Bucky O'Hare (Japanese: バッキー オヘア) is a 1992 platform game for the Nintendo Entertainment System based on the comic book series of the same name. The game was developed, under the direction of Masato Maegawa, by Konami, which also published it in North America in February 1992 and in Europe on February 18, 1993. Graphics were created by Kaname Shindoh, Madonna Taira, and Toshiharu Furukawa, and the music was composed by Tomoko Sumiyama.

Bucky O'Hare stars the titular rabbit as the captain of the Righteous Indignation, which protects the parallel universe of the Aniverse. His other crew members, duck Dead-Eye, cat Jenny, android Blinky, and human Willy, have been captured by the Toad Air Marshall. The first four levels take place on the Green, Red, Blue, and Yellow Planets, where the crew members are imprisoned. The player starts out with Bucky, and the other kidnapped crew members are playable once rescued and have different abilities and weapons. After all the members are saved, the Toad Air Marshall then kidnap the Righteous Indignation again in the Magma Tanker. The remainder of the game involves the crew members saving each other, blowing up the Magma Tanker and escaping.

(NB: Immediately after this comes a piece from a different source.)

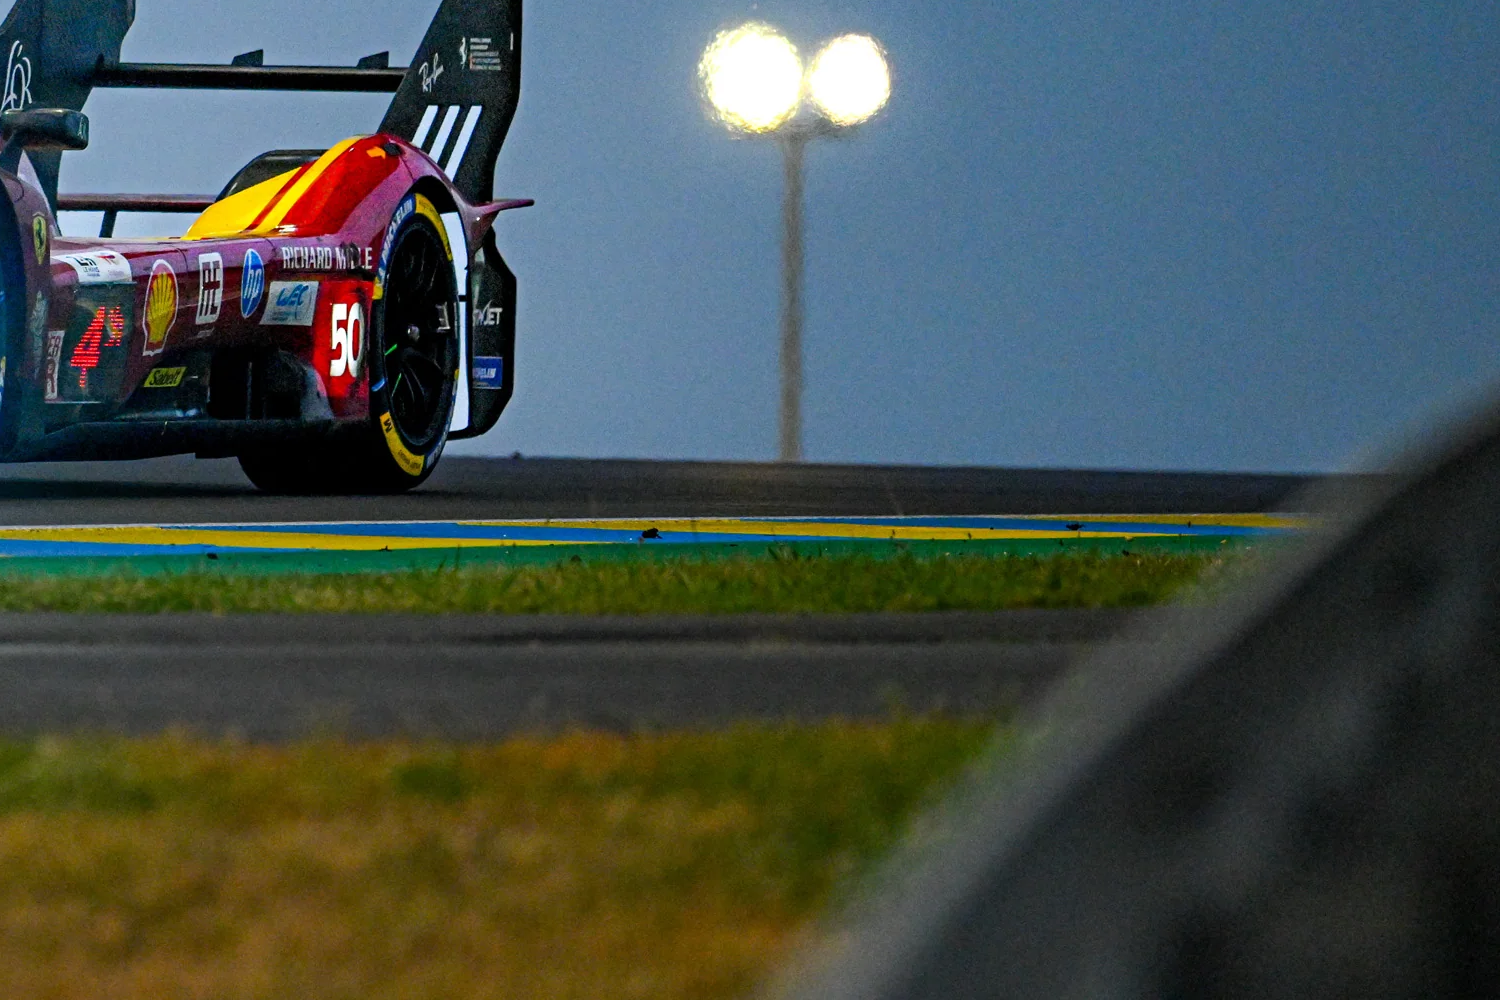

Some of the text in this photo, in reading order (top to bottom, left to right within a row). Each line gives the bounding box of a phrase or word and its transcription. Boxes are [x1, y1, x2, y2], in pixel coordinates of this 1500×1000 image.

[243, 250, 262, 316] hp
[281, 246, 333, 270] RICHARD
[329, 302, 365, 378] 50

Bucky O'Hare was well received by critics. Reviewers praised its graphics and exciting gameplay, but disliked its lack of original contributions towards the platform genre and were divided on its difficulty.

== Gameplay and plot ==

Bucky navigates the Yellow Planet using fast-moving asteroids as platforms.

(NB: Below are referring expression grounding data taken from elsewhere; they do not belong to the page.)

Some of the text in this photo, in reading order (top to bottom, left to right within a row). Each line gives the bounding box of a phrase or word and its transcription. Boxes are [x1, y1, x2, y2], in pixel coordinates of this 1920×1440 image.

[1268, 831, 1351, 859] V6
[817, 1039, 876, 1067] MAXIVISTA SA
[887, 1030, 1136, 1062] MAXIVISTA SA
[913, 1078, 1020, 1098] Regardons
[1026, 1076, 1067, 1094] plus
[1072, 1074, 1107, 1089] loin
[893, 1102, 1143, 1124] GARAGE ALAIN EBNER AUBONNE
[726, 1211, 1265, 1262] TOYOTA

Bucky O'Hare is a side-scrolling shoot 'em up arcade adventure platform game. It takes place in a parallel universe called the Aniverse, where the robot K.O.M.P.L.E.X. plans to destroy the captain of the Righteous Indignation, rabbit Bucky O'Hare. It orders the Toad Air Marshall to kidnap members of the Righteous Indignation and imprison them throughout the Toad Empire. The Toad Air Marshall goes after the Indignation while they are on a small transport riding to their headquarters. Bucky barely evades, but the crew members, android Blinky, cat Jenny, duck Dead-Eye and human Willy DeWitt, are trapped in four separate planets, which are the first four levels.

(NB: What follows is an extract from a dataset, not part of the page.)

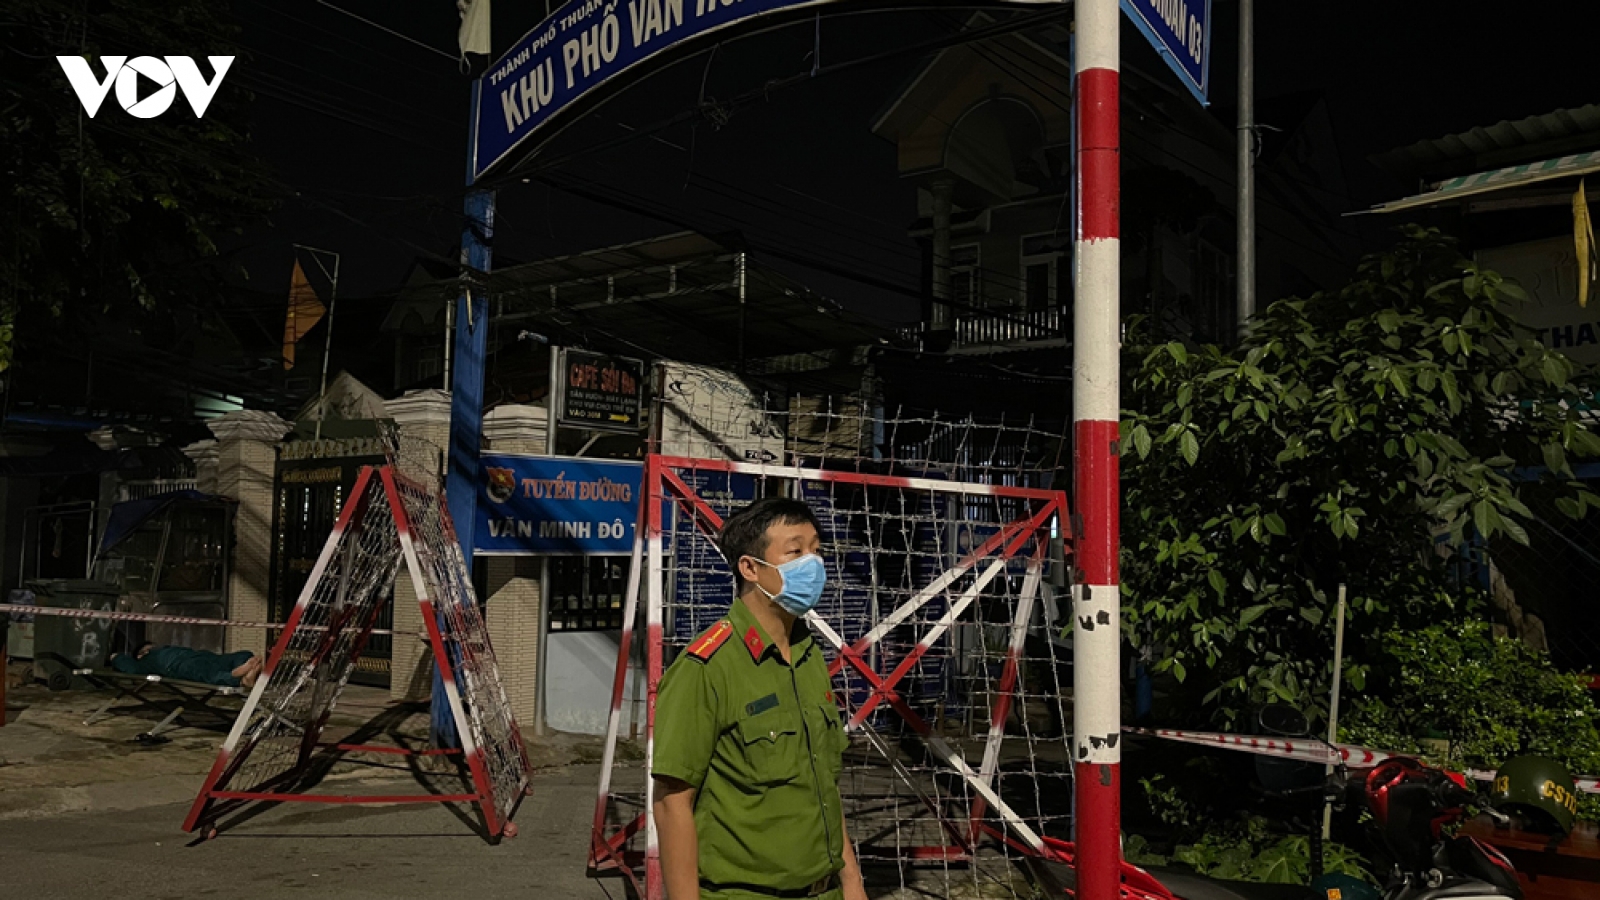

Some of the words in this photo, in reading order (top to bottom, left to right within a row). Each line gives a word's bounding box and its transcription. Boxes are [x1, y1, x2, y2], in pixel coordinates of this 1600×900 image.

The four Planets can be played almost in any order. Blinky is stuck in the ecologically themed Green Planet, consisting of waterfalls and trees as part of the level design and worms, bees, fish, and other creatures as enemies. Dead-Eye is trapped in the Red Planet, a volcano-and-lava-heavy stage with rock platforms. The icy Blue Planet holds Jenny, and the Yellow Planet, which is the largest and has laser cannons and floating asteroids, contains Willy. The player can switch characters anytime by pressing the select button.

The planets are divided into eight or more acts with different gameplay styles and scrolling directions (either vertical or horizontal). For example, in the Green Planet, sections include climbing a large tree, jumping on platforms, riding a log on water, and going down a waterfall. Throughout the game, the protagonists fend off enemies such as androids and cyborgs modeled after toads or with toads in them, as well as parts of the environment, like fireballs shooting from a volcano. Bosses are scattered throughout and are not always at the end of a level.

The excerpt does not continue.